A Kuwaiti, who had been held for 13 years at the controversial US military prison at Guantanamo Bay, Cuba, arrived home Thursday as Washington steps up releases, his father said.
Fawzi al-Odah had been one of just two Kuwaitis still detained in the holding centre for US "war on terror" prisoners that President Barack Obama has long promised to shut down.
"Fawzi arrived early this morning. He is in good health," Khaled al-Odah told AFP.
Odah said his son, 37, was taken straight to a military hospital for a checkup.
After a week, he will be transferred to a government-run rehabilitation centre for an unspecified period but his close relatives will be allowed to visit him.
Fawzi, still unmarried, was greeted at the airport by his father and two brothers. At the military hospital, around 40 family members, including his mother and grandmother, were allowed to visit him.
Activists posted pictures of him embracing his mother and kissing her head. Another photograph showed him with his young niece.
His father had led a support group for the families of the Kuwaiti prisoners at Guantanamo.
He has always maintained that his son was an aid worker and never took part in any fighting in either Afghanistan or Pakistan, where he was captured in late 2001, that might warrant any allegation of being an enemy combatant.
Fawzi was seized by tribesmen in northern Pakistan, who sold him to the Pakistani army, which in turn handed him over to the United States.
He was captured alongside compatriot Fayez al-Kandari, who is now the only Kuwaiti still held at Guantanamo.
Fawzi was the first inmate freed since late May. His release was cleared by the Periodic Review Board in July.

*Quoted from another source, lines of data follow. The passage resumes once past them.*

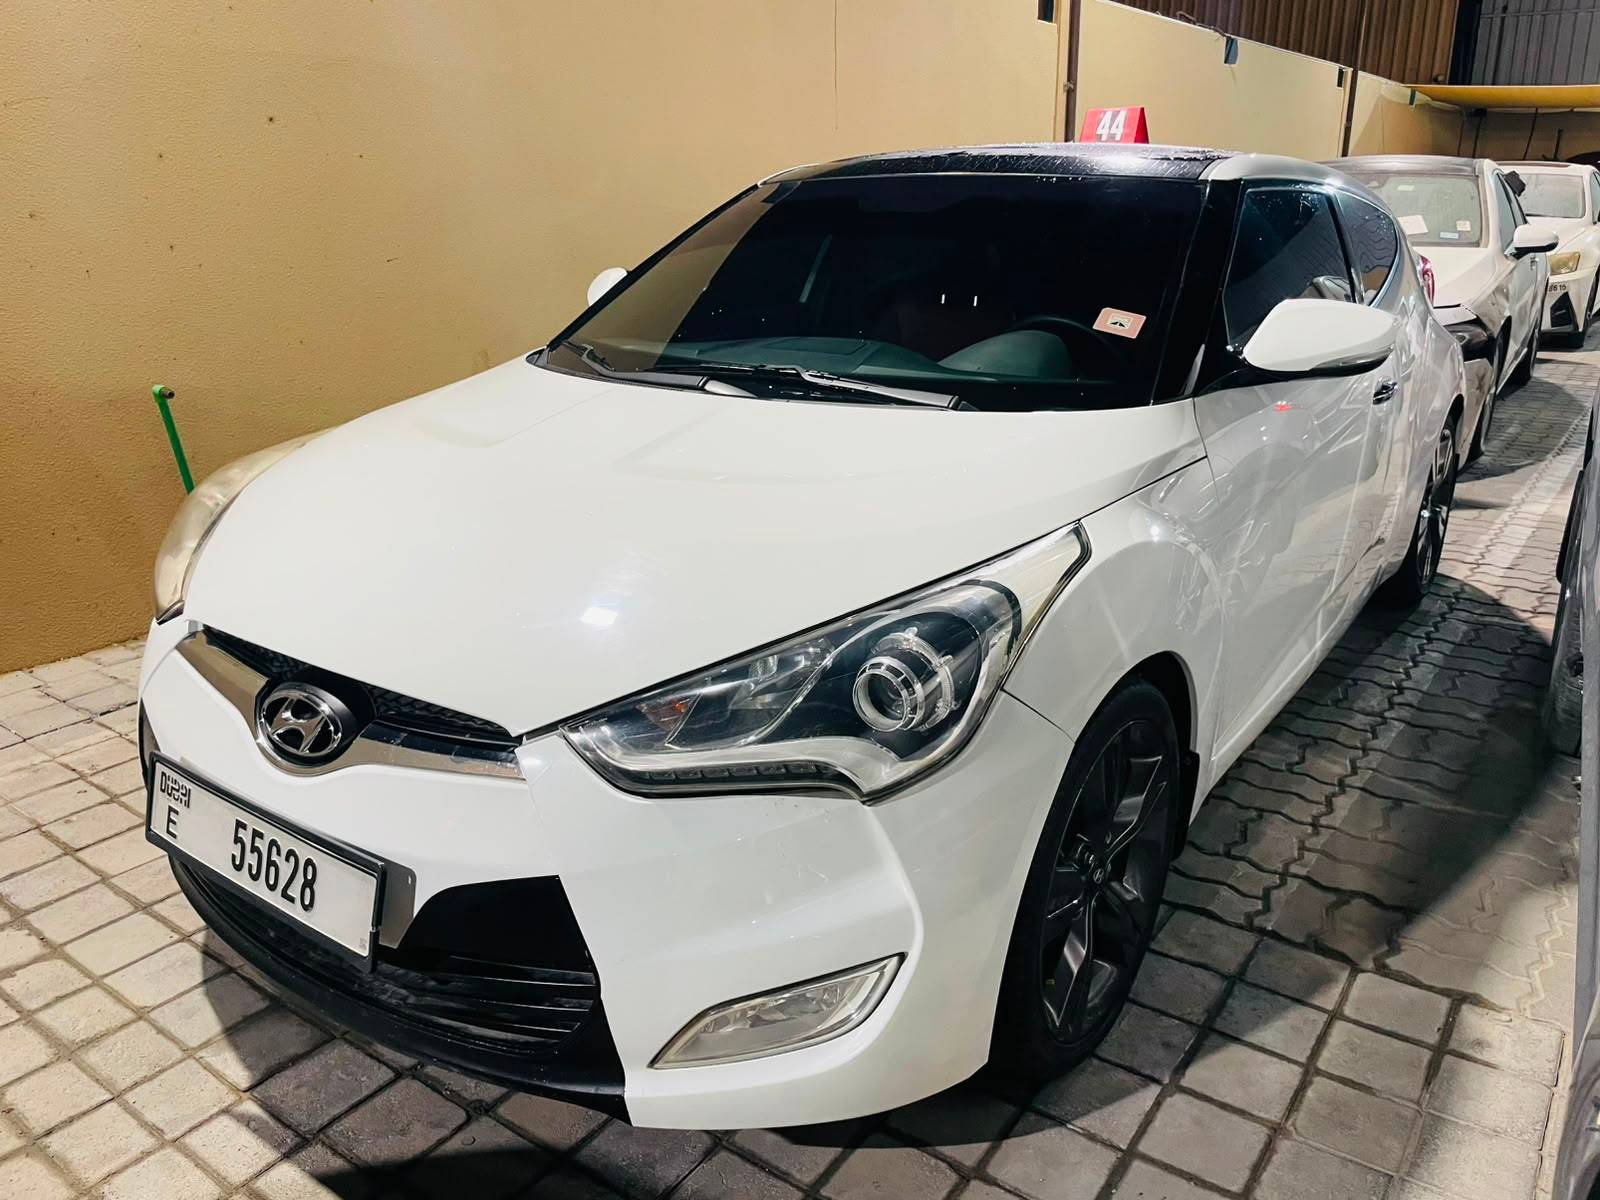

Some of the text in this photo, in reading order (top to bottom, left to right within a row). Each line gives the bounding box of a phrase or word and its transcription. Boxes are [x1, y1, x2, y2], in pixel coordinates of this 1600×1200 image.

[1096, 111, 1127, 141] 44
[166, 805, 179, 839] E
[231, 818, 317, 912] 55628
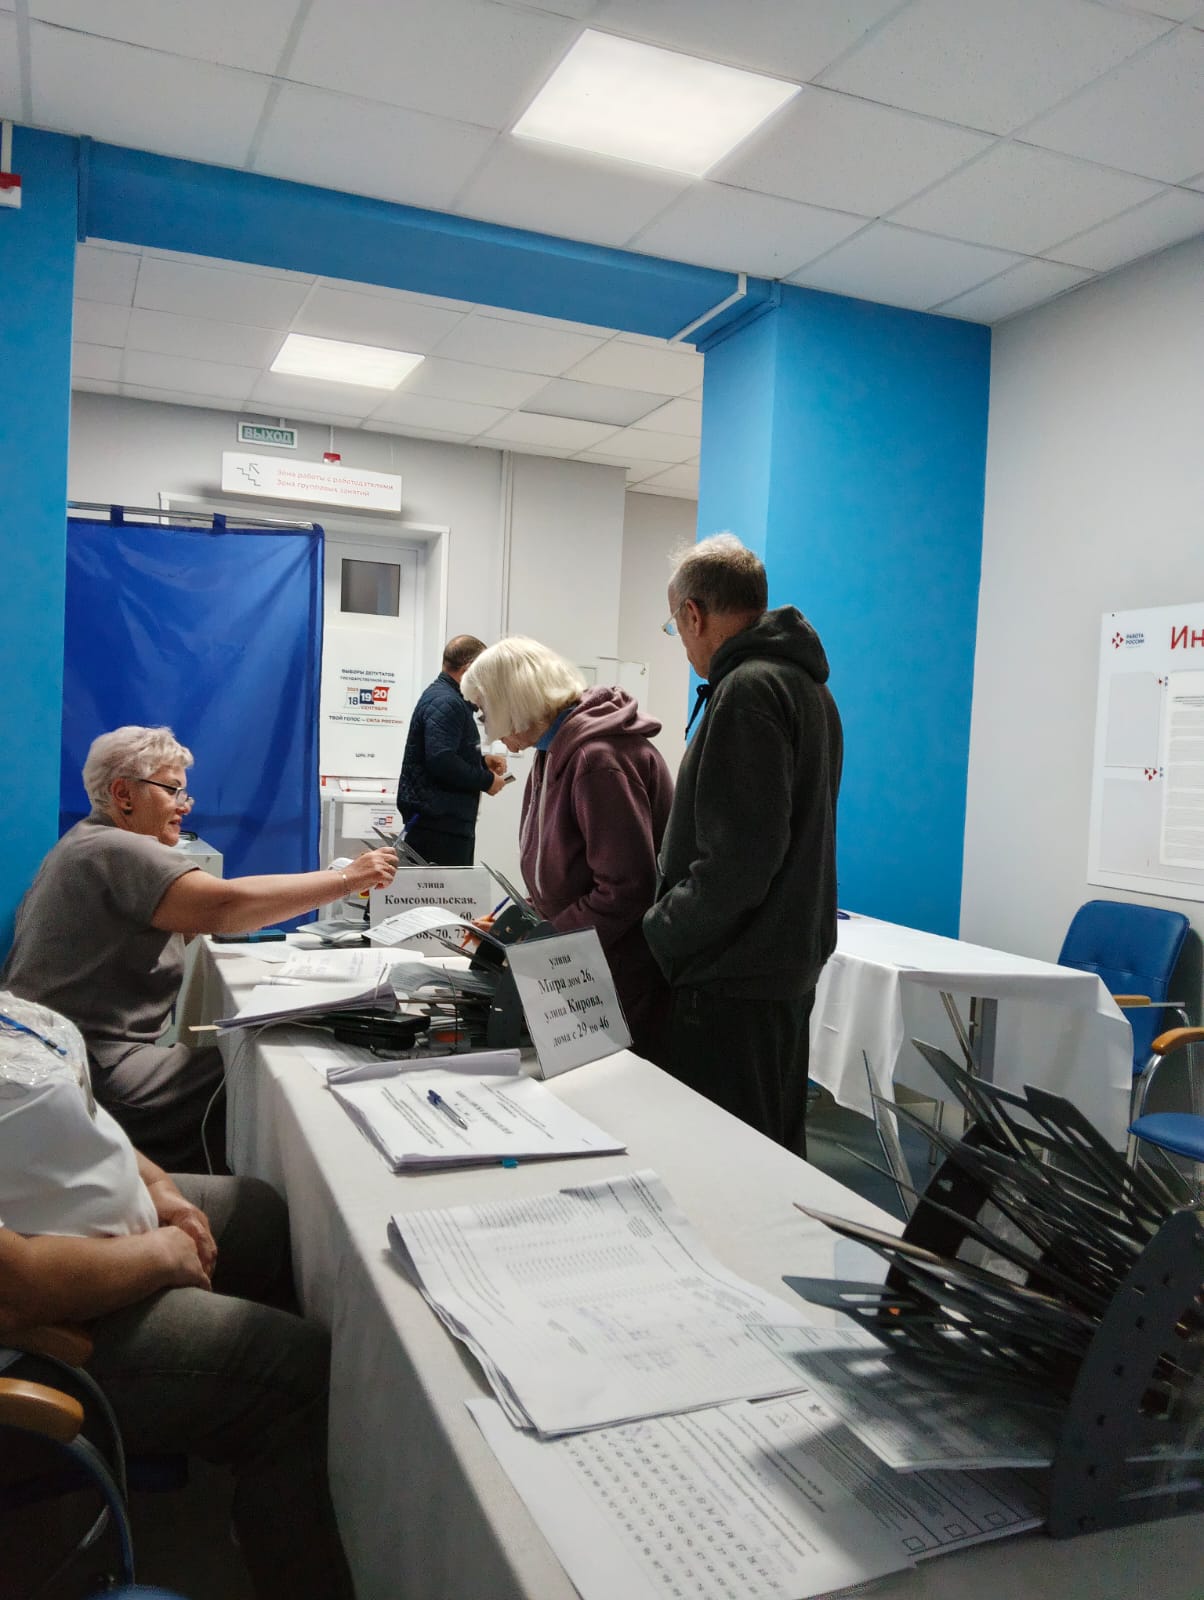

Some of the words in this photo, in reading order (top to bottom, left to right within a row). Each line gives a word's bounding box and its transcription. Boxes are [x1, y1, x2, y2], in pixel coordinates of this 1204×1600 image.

[244, 427, 292, 444] ВЫХОД
[348, 696, 359, 705] 18
[361, 692, 372, 702] 19
[374, 689, 387, 699] 20
[417, 882, 445, 890] улица
[549, 954, 571, 969] улица
[538, 978, 567, 994] Мира
[568, 974, 581, 988] дом
[580, 968, 595, 984] 26,
[544, 1006, 568, 1024] улица
[567, 995, 604, 1014] Кирова,
[554, 1031, 572, 1048] дома
[577, 1021, 588, 1038] 29
[589, 1023, 599, 1034] по
[599, 1014, 610, 1030] 46
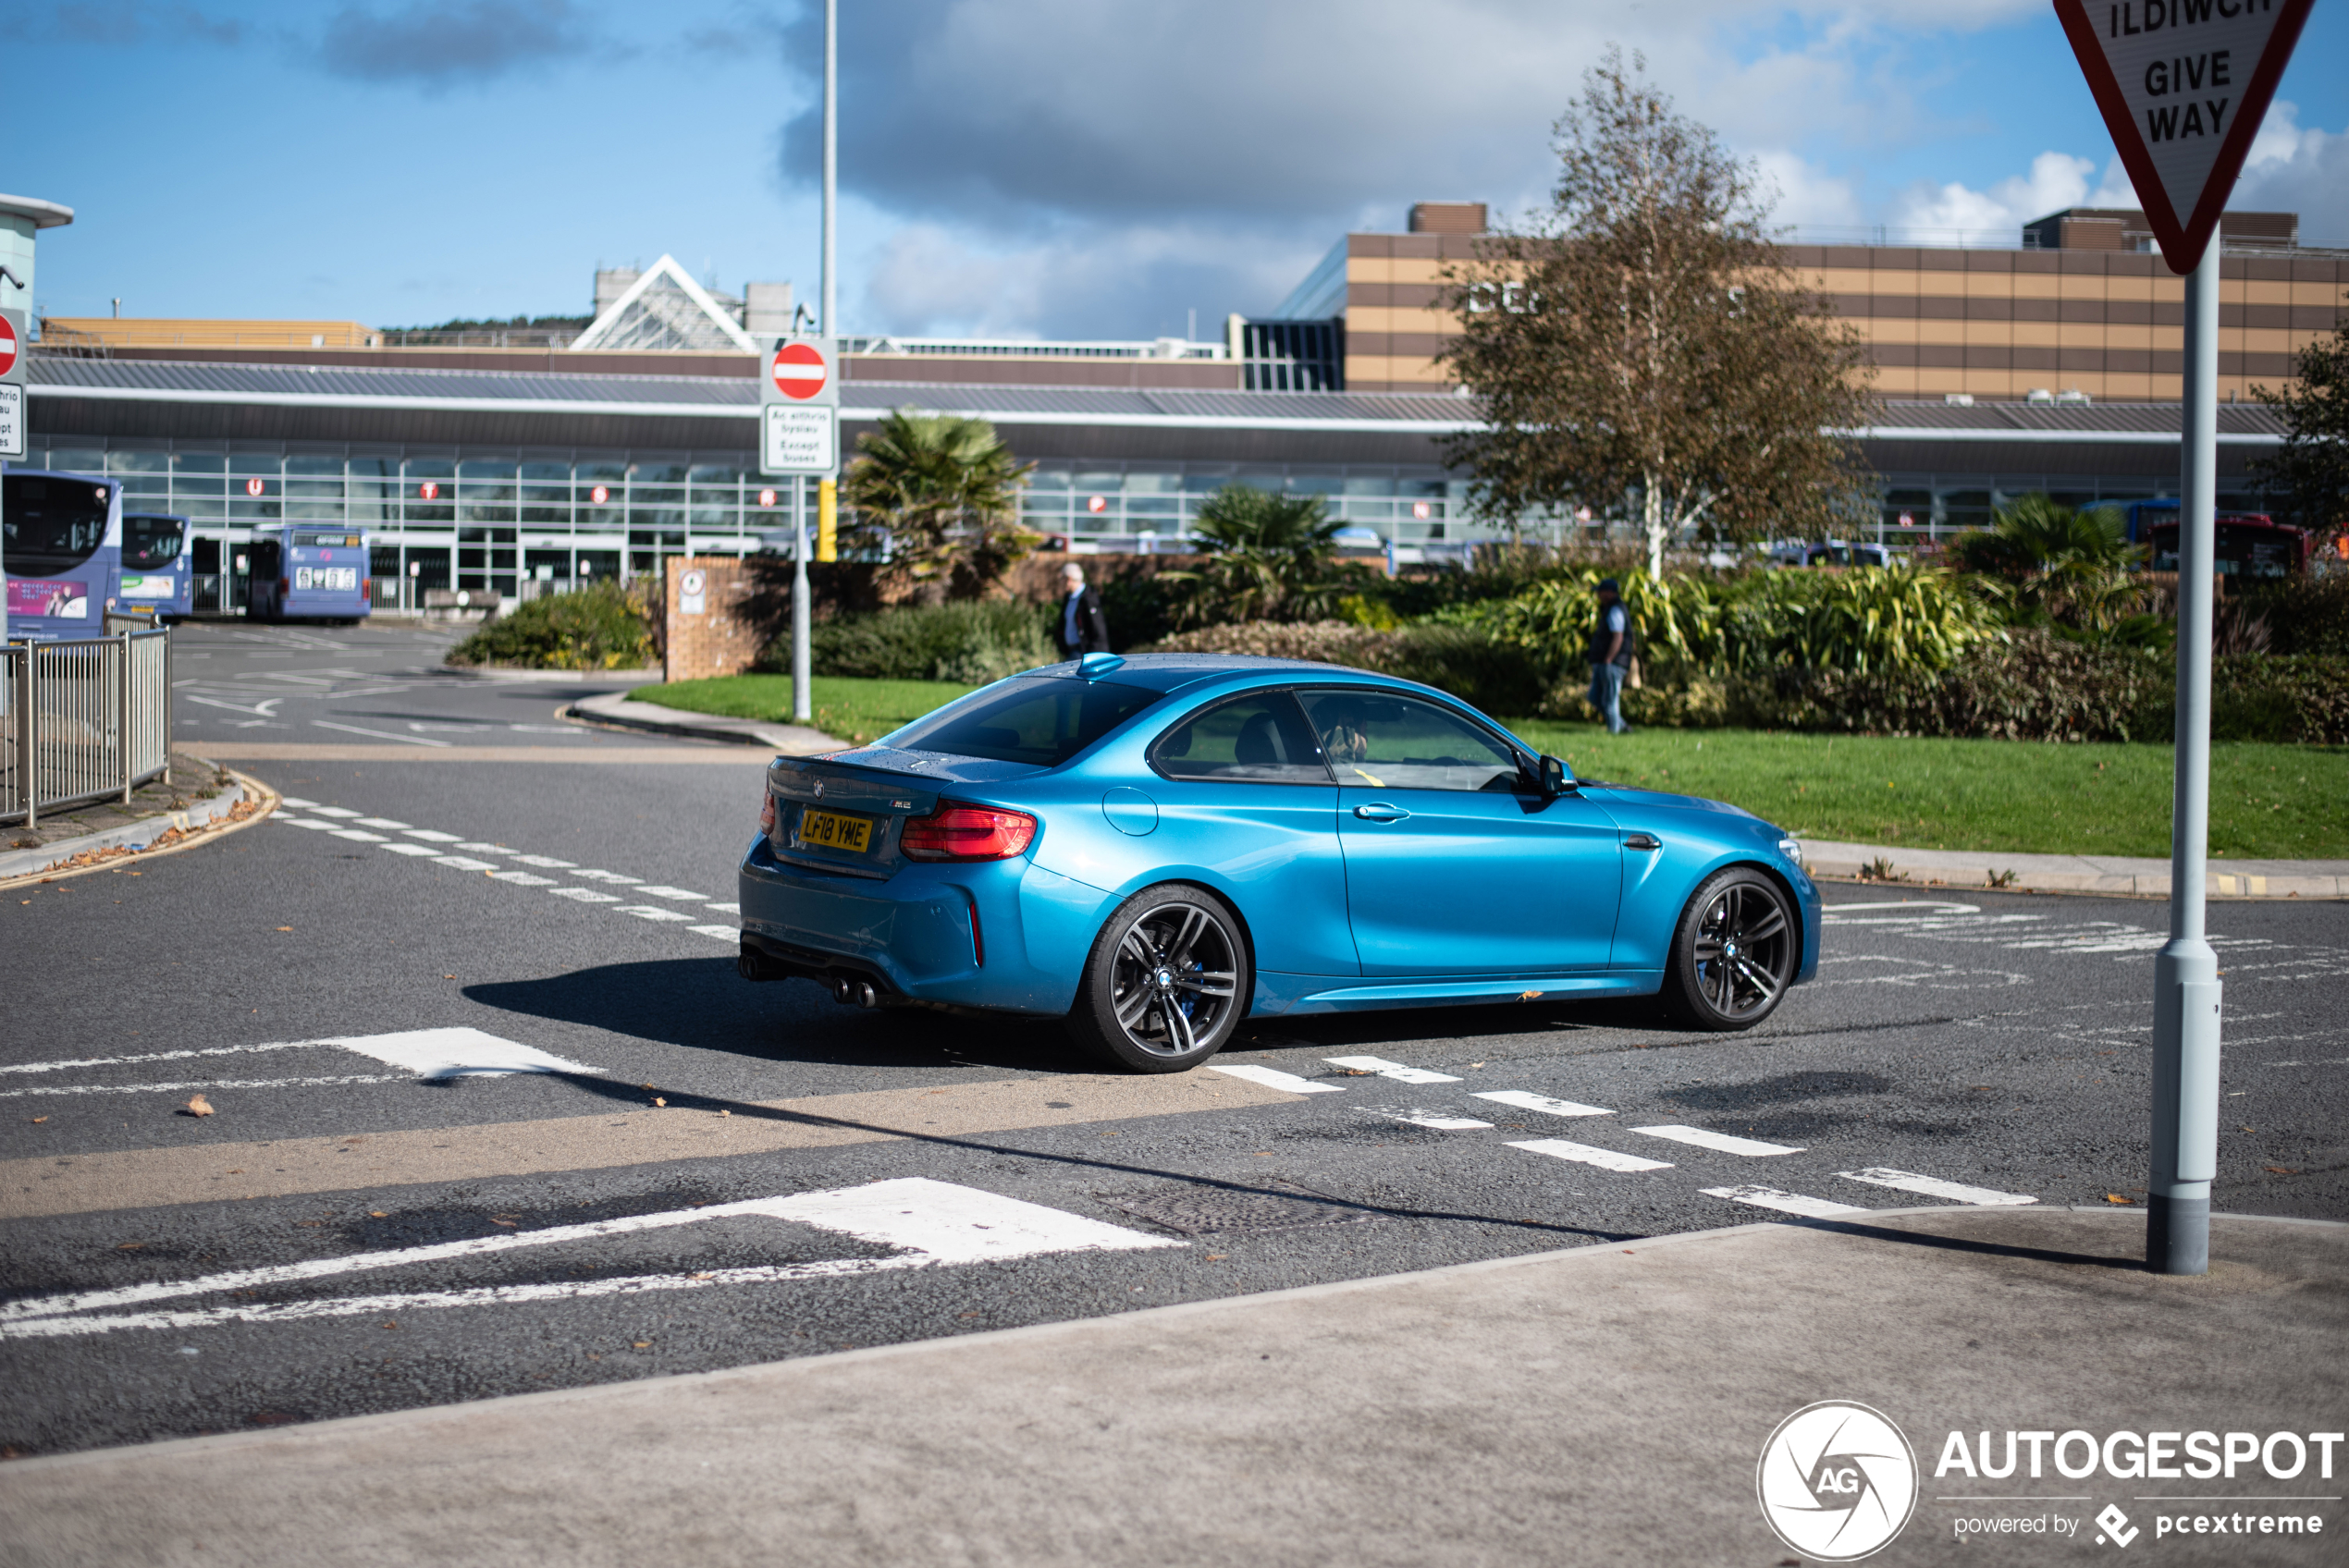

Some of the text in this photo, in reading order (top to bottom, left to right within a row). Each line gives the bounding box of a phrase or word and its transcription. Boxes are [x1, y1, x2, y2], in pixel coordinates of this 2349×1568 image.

[2146, 50, 2231, 97] GIVE
[2147, 98, 2229, 142] WAY
[781, 439, 819, 451] Except
[783, 453, 816, 463] buses
[249, 478, 262, 496] U
[423, 482, 437, 500] T
[894, 800, 912, 809] M2
[837, 819, 867, 848] YME

The same body advised against releasing Kandari, ruling that he "almost certainly retains an extremist mindset and had close ties with high-level Al-Qaeda leaders in the past."
The Obama administration said on Wednesday that it plans to speed up releases from Guantanamo.
"The Department of Defence hopes to transfer more than a dozen detainees to countries in South America and Europe, in the next two months, through the winter," a Pentagon official told AFP.
The official, who asked not to be named, said countries have agreed to take around 20 Guantanamo inmates, although the deals are not yet finalised.
Another US defence official said the administration was "working diligently to transfer the remaining detainees from Guantanamo."
"Closing Guantanamo is a priority for the defence department," Lieutenant Colonel Myles Caggins told AFP.